Yet do we stop and remember that the inventor of communication owns cyberspace? Sorry Google! Only three verses into Genesis 1 He speaks, ‘Let there be light.’ Light – so we could see our way! He provides us with air to breathe and by verse 11 has given us food to eat. By speaking and acting He prepared everything we needed. Does this happen when we communicate? In the world of Facebook are we like Shakespeare’s Gratiano who, ‘speaks an infinite deal of nothing?’ Emails have replaced smoke signals but God has not changed. Unless we want to change and stay changed our communication with Him is paramount. He has given us all the help we need to meet him face to face. He has our profile written on his heart. He’s keeping track of our friendship wheel. God is our Facebook and he is switched on 24/7! ‘All day long I have both hands stretched out,’ Roms 10:21. ‘You set me before your face forever,’ Psalm 41:12. It is God who has preserved the greatest snail-mail ever penned. Paul had a face-toface relationship with God. He tells us so in his famous letter 1 Cor 13, ‘Without love now we see dimly, but with love we will be face to face’. He knew, because he was. God’s Facebook is interacting with us. God has put post-it notes all over the place for us. His super-wall is full of messages to keep us safe and saved. We can go wall to wall with Him 24/7! Jesus helped his disciples in their communication with God. Sometimes like us they found it hard or stuffed up. Jesus said to them, ‘hey, sometimes you do have to put in a bit of extra effort.’ ‘You will say to this mountain, move from here to there and it will move and nothing will be impossible for you. However,

this kind does not go out except by prayer and fasting.’ Fasting – that’s submission, giving up everything for God, acknowledging that God is all-powerful. And prayer, that’s talking to God. Talking to someone means you have a relationship with them. Is this the missing ingredient? Did they need to work on their relationship with God? Prayer and fasting were part of Jesus’ way of life just as they were for David, ‘I will bless the Lord at all times, His praise is continually in my mouth,’ Psalm 34:1.

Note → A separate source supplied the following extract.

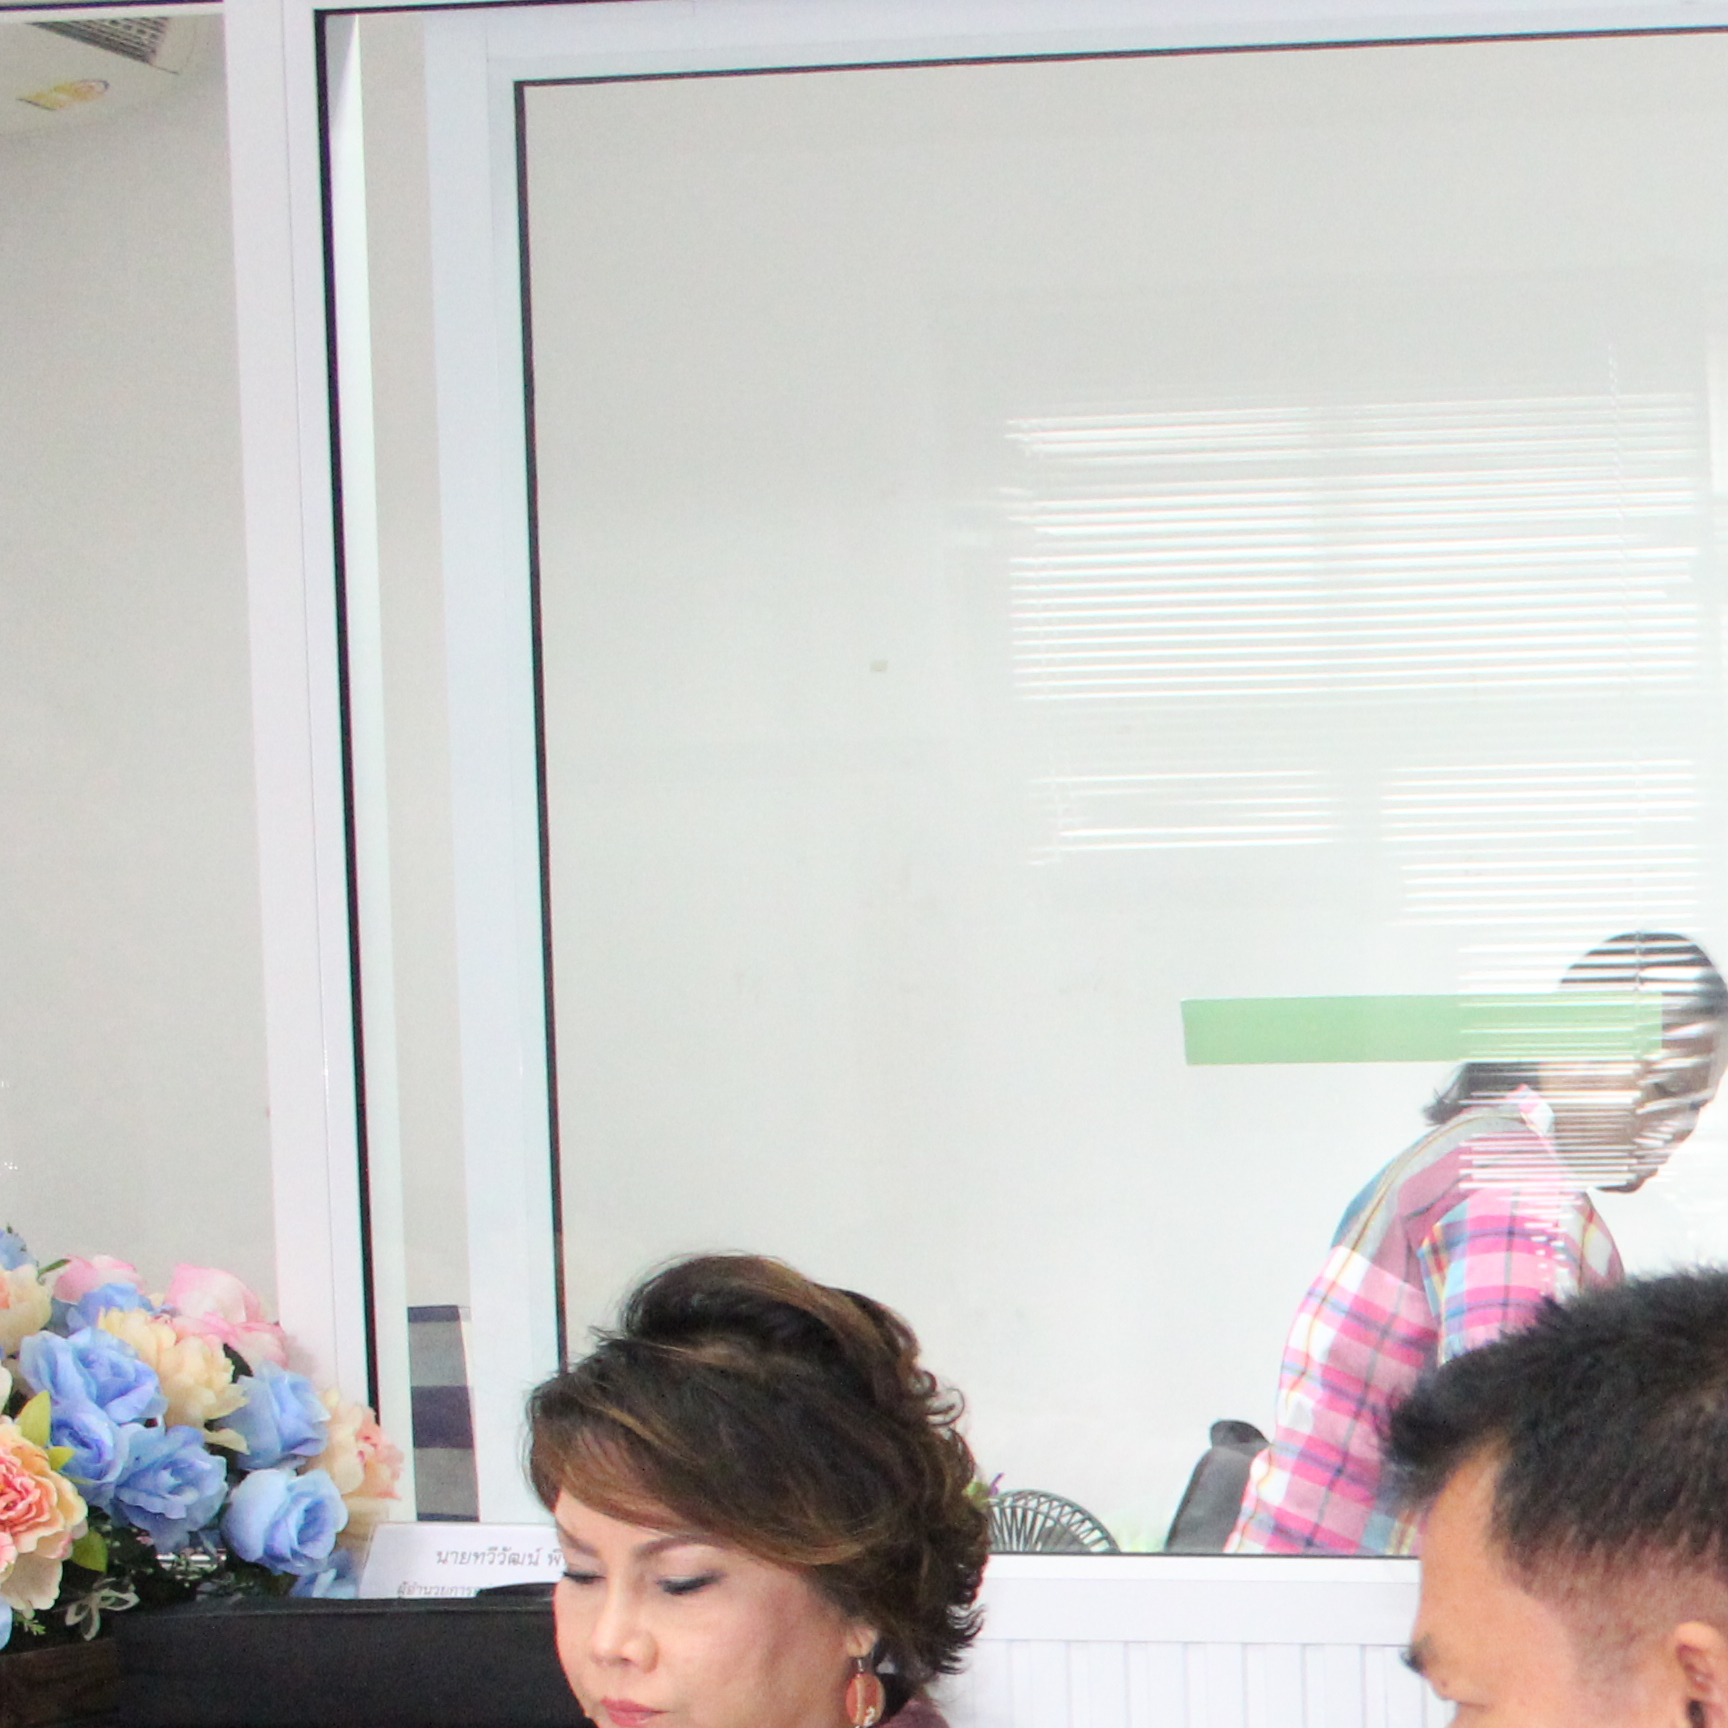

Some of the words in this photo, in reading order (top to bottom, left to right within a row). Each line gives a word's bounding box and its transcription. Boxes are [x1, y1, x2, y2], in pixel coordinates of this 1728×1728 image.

He has our profile written on His heart. He’s keeping track of our friendship wheel. God is our Facebook and He is switched on 24/7! Prayer isn’t just for when we want something, when we have an extra big-ask. Living a strong spiritual life can’t just happen when we need a quick fix for our problems. David and Jesus show that when God is a part of our everyday world, the giants are little, God is outsize and our relationship begins to be two-way not just about ourselves. Submission requires active obedience, recognition of God’s total authority. Jesus is the same yesterday, today and forever. Get face to face! Gillian Pooley


How you can use the Internet to spread God’s word. Vanessa Sultana gives us some practical tips.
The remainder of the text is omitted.